**REQUIRED ACTION:**
No record may be left out; print them all verbatim.

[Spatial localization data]
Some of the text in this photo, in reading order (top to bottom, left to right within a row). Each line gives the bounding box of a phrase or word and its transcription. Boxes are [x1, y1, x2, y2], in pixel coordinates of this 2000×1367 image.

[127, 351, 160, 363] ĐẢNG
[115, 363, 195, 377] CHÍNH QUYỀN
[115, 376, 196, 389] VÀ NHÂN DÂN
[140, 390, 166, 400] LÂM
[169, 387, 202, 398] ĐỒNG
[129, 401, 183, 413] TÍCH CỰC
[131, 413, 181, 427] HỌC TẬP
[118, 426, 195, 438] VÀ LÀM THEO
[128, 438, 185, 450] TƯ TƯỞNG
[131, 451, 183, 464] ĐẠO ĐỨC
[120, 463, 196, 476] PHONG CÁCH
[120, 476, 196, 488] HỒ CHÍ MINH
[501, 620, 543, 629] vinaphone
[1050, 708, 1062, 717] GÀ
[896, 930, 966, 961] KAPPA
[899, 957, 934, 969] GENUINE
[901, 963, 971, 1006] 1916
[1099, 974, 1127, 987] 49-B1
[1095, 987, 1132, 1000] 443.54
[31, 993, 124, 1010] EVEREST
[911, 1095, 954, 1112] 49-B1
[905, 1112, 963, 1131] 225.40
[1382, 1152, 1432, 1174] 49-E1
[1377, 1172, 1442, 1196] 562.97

**SOLUTION TO THE EXERCISE:**
Some of the text in this photo, in reading order (top to bottom, left to right within a row). Each line gives the bounding box of a phrase or word and its transcription. Boxes are [x1, y1, x2, y2], in pixel coordinates of this 2000×1367 image.

[127, 351, 160, 363] ĐẢNG
[115, 363, 195, 377] CHÍNH QUYỀN
[115, 376, 196, 389] VÀ NHÂN DÂN
[140, 390, 166, 400] LÂM
[169, 387, 202, 398] ĐỒNG
[129, 401, 183, 413] TÍCH CỰC
[131, 413, 181, 427] HỌC TẬP
[118, 426, 195, 438] VÀ LÀM THEO
[128, 438, 185, 450] TƯ TƯỞNG
[131, 451, 183, 464] ĐẠO ĐỨC
[120, 463, 196, 476] PHONG CÁCH
[120, 476, 196, 488] HỒ CHÍ MINH
[501, 620, 543, 629] vinaphone
[1050, 708, 1062, 717] GÀ
[896, 930, 966, 961] KAPPA
[899, 957, 934, 969] GENUINE
[901, 963, 971, 1006] 1916
[1099, 974, 1127, 987] 49-B1
[1095, 987, 1132, 1000] 443.54
[31, 993, 124, 1010] EVEREST
[911, 1095, 954, 1112] 49-B1
[905, 1112, 963, 1131] 225.40
[1382, 1152, 1432, 1174] 49-E1
[1377, 1172, 1442, 1196] 562.97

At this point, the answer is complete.